Work item: Restate all the lines below word for word, but omit the pictures.

[Records excerpted from a collection]

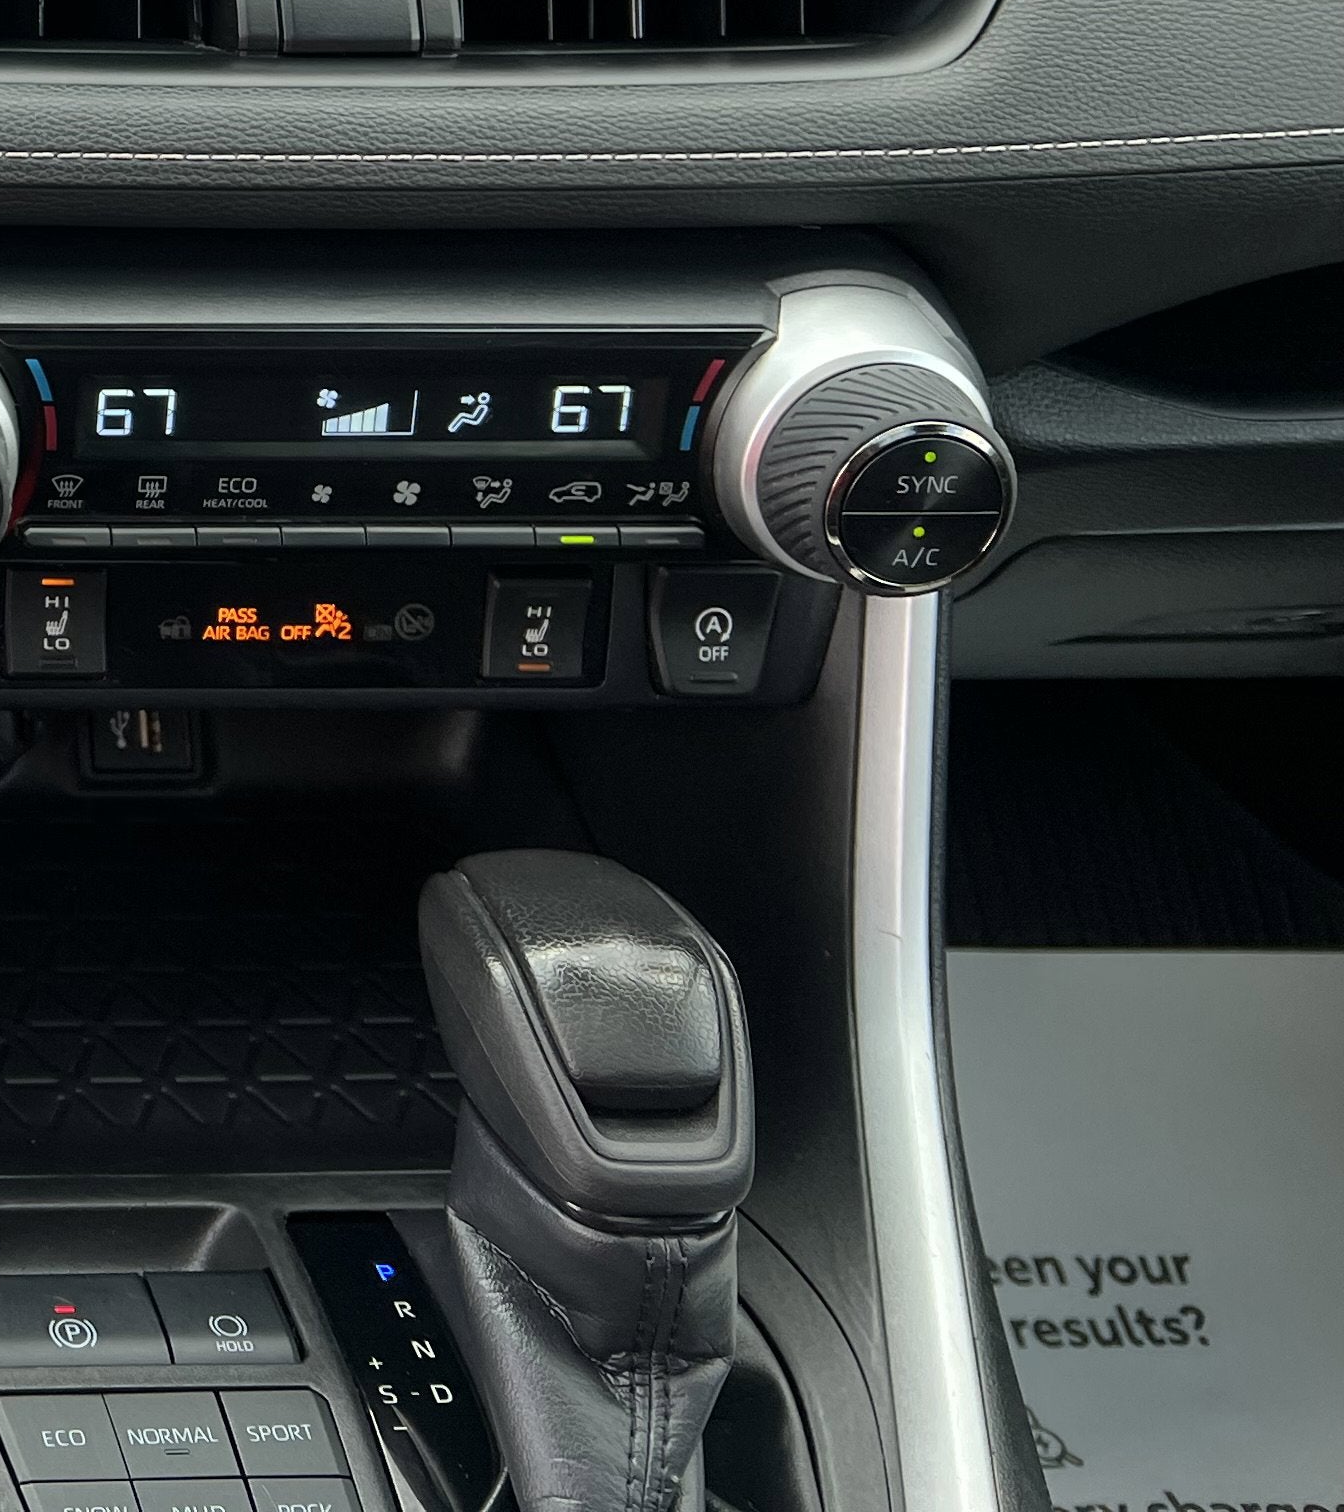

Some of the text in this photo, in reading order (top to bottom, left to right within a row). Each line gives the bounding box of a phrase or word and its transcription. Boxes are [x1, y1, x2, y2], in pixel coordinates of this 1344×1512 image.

[97, 389, 176, 436] 67
[551, 386, 632, 433] 67
[219, 478, 257, 493] ECO
[897, 476, 958, 493] SYNC
[48, 500, 83, 508] FRONT
[136, 500, 164, 509] REAR
[203, 499, 267, 508] HEAT/COOL
[892, 547, 939, 568] A/C
[45, 596, 68, 608] HI
[218, 608, 257, 623] PASS
[527, 607, 551, 617] HI
[203, 626, 231, 640] AIR
[236, 626, 269, 640] BAG
[281, 625, 311, 640] OFF
[44, 638, 69, 650] LO
[522, 644, 548, 656] LO
[699, 646, 728, 661] OFF
[376, 1265, 395, 1282] P
[1075, 1254, 1189, 1296] your
[394, 1301, 415, 1317] R
[1010, 1304, 1210, 1349] results?
[216, 1341, 253, 1351] HOLD
[412, 1341, 435, 1358] N
[379, 1385, 397, 1403] S
[430, 1385, 452, 1403] D
[42, 1430, 85, 1447] ECO
[127, 1427, 218, 1444] NORMAL
[247, 1424, 311, 1441] SPORT

Response for this exercise:
Some of the text in this photo, in reading order (top to bottom, left to right within a row). Each line gives the bounding box of a phrase or word and its transcription. Boxes are [x1, y1, x2, y2], in pixel coordinates of this 1344×1512 image.

[97, 389, 176, 436] 67
[551, 386, 632, 433] 67
[219, 478, 257, 493] ECO
[897, 476, 958, 493] SYNC
[48, 500, 83, 508] FRONT
[136, 500, 164, 509] REAR
[203, 499, 267, 508] HEAT/COOL
[892, 547, 939, 568] A/C
[45, 596, 68, 608] HI
[218, 608, 257, 623] PASS
[527, 607, 551, 617] HI
[203, 626, 231, 640] AIR
[236, 626, 269, 640] BAG
[281, 625, 311, 640] OFF
[44, 638, 69, 650] LO
[522, 644, 548, 656] LO
[699, 646, 728, 661] OFF
[376, 1265, 395, 1282] P
[1075, 1254, 1189, 1296] your
[394, 1301, 415, 1317] R
[1010, 1304, 1210, 1349] results?
[216, 1341, 253, 1351] HOLD
[412, 1341, 435, 1358] N
[379, 1385, 397, 1403] S
[430, 1385, 452, 1403] D
[42, 1430, 85, 1447] ECO
[127, 1427, 218, 1444] NORMAL
[247, 1424, 311, 1441] SPORT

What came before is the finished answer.